She was more than stunned, more than shocked. She was paralyzed as she sat there.
“Our eldest is going to be sixteen in a few months. His name is Hugo. My middle’s name is—”
“I don’t want to know their names!” Ava pushed the photo album back at Ingrid, who had followed her inside. They were supposed to get married, spend the rest of their lives together. There were hundreds of people coming, some of them already there, and yet she was sitting next to the woman the man she loved had made a family with.
It was all going to waste. All the money that was spent that could have helped people. All the time she spent loving him, her career, it was all gone. Sacrificed for him.

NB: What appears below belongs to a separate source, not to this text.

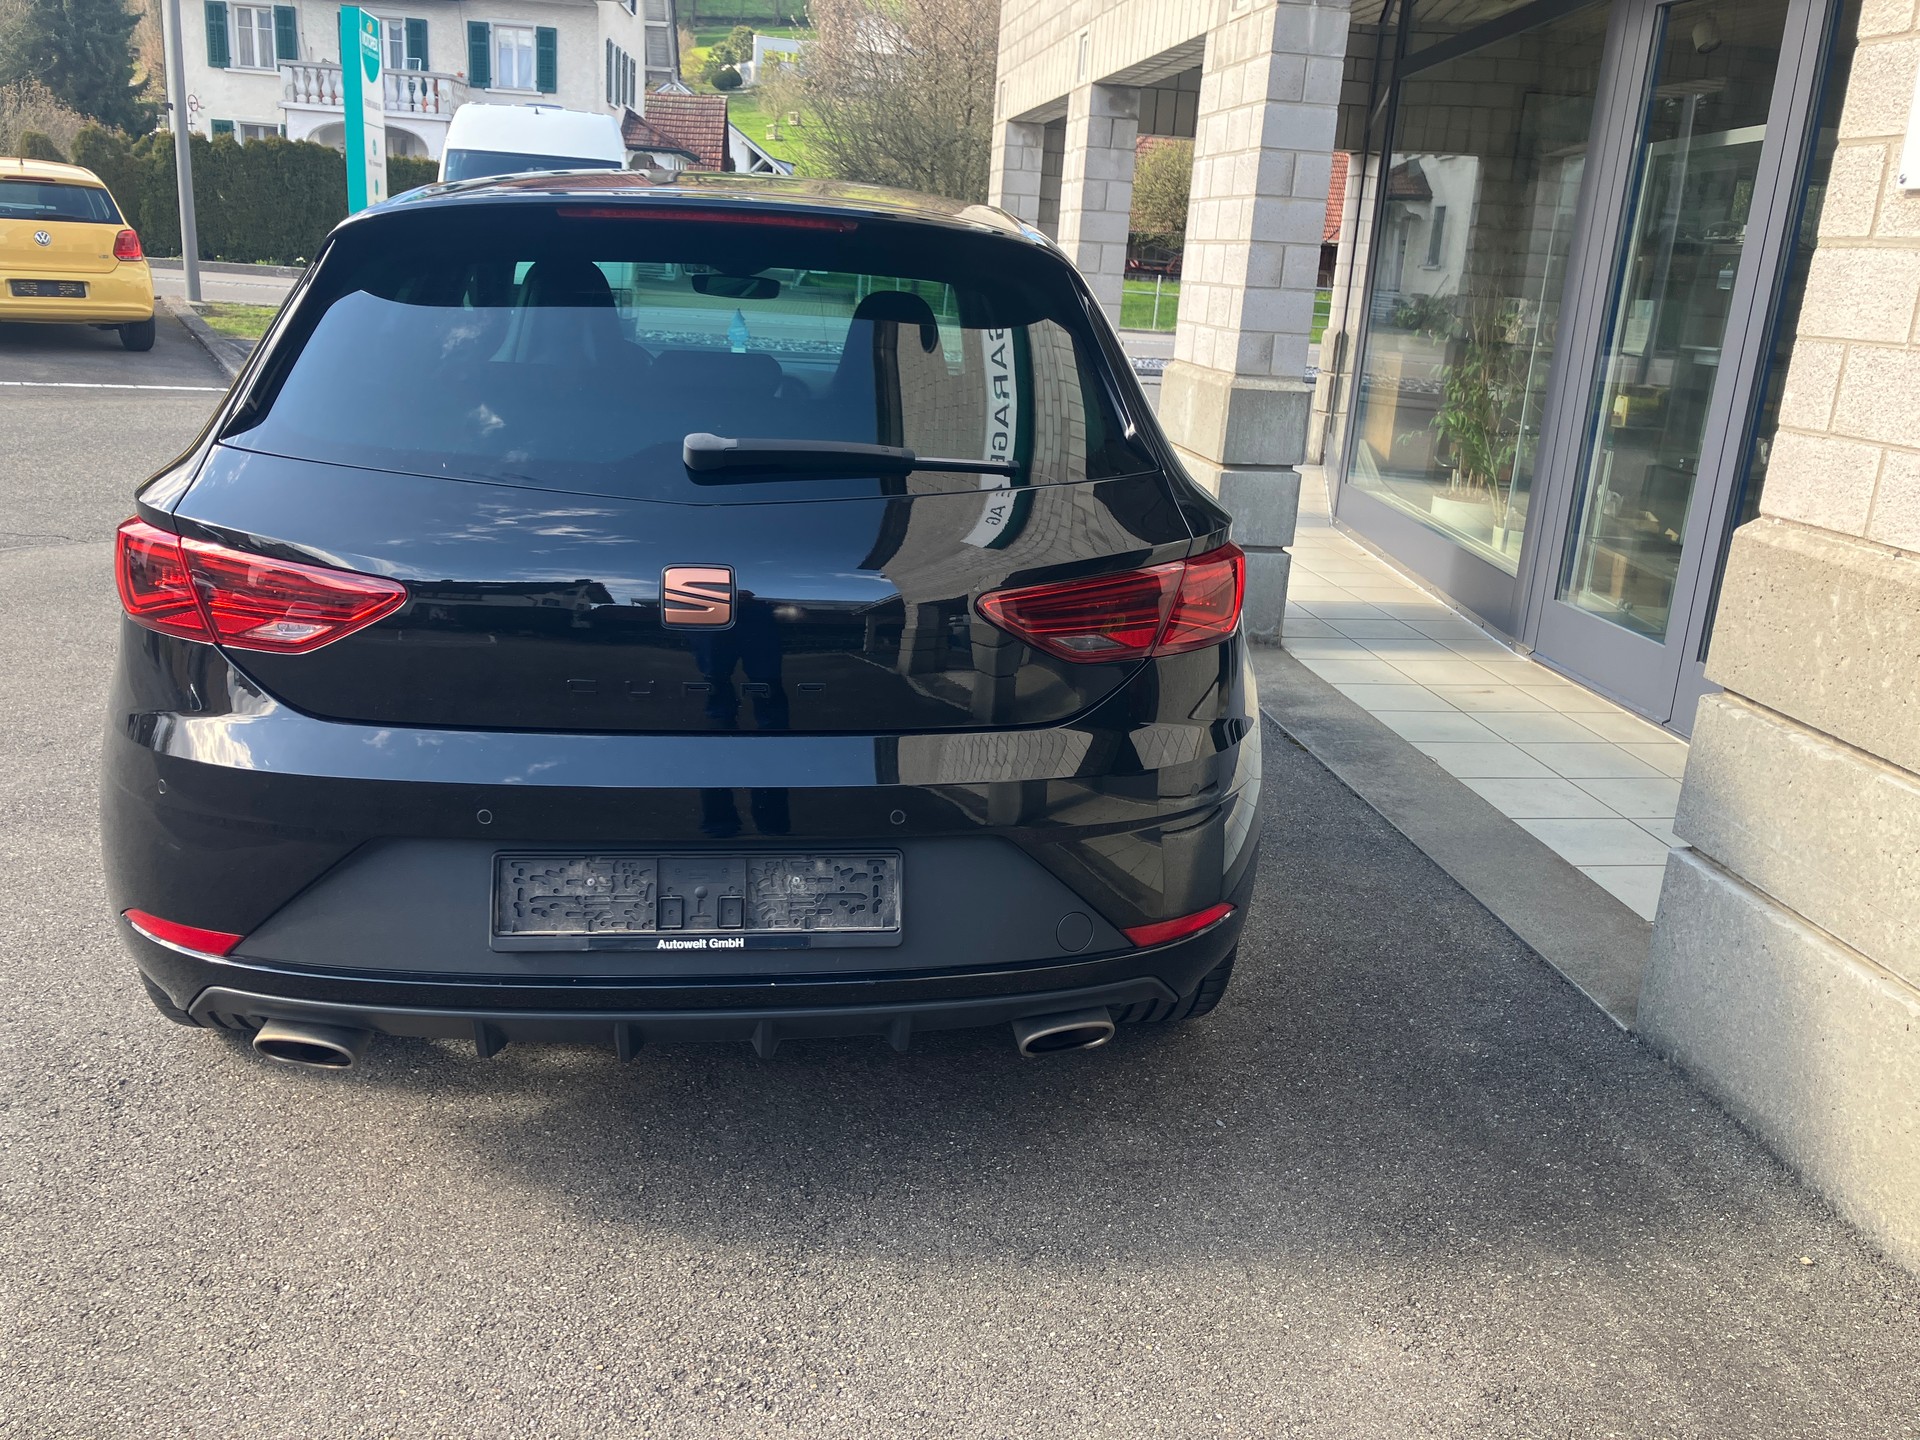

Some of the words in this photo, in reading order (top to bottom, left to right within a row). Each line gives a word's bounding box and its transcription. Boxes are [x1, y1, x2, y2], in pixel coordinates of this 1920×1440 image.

“I’m not here to hurt you. I just thought you should know before you walked down the aisle that you would be sharing him with us. He said he was going to tell you. I had hoped he would tell you before you were married...”
“I don’t understand.” Ava shook her head. “Why are you a secret?”
“Look at me.” She shrugged.
“What are you talking about? There is nothing wrong with the way you look.”
Ingrid smiled at her. “He’s right. You are sweet. I didn’t think you would be from your pictures. I’m plain. I’m uninteresting. Uneducated. I was working as a waitress when we met. I always knew when I took up with him that I was never going to be the main woman in his life. He needs someone like you. Someone beautiful and graceful. You look like the wife of a billionaire. Plus he really does love you.”
Ingrid had said so many things that Ava was having a hard time focusing on just one of them.
“How do you know he loves me?”
“He told me. We talk about you. He tells me everything. Max is my best friend.”
“He doesn’t tell me everything. I’ve spent three years with the man, and he couldn’t be bothered to tell me that he was leading a double life.”
“He was wrong for that. He should have told you from the beginning. I didn’t want you to start your marriage off that way, and I didn’t want you to find out by accident. But now that things are out in the open, you can discuss it with him and get past it.”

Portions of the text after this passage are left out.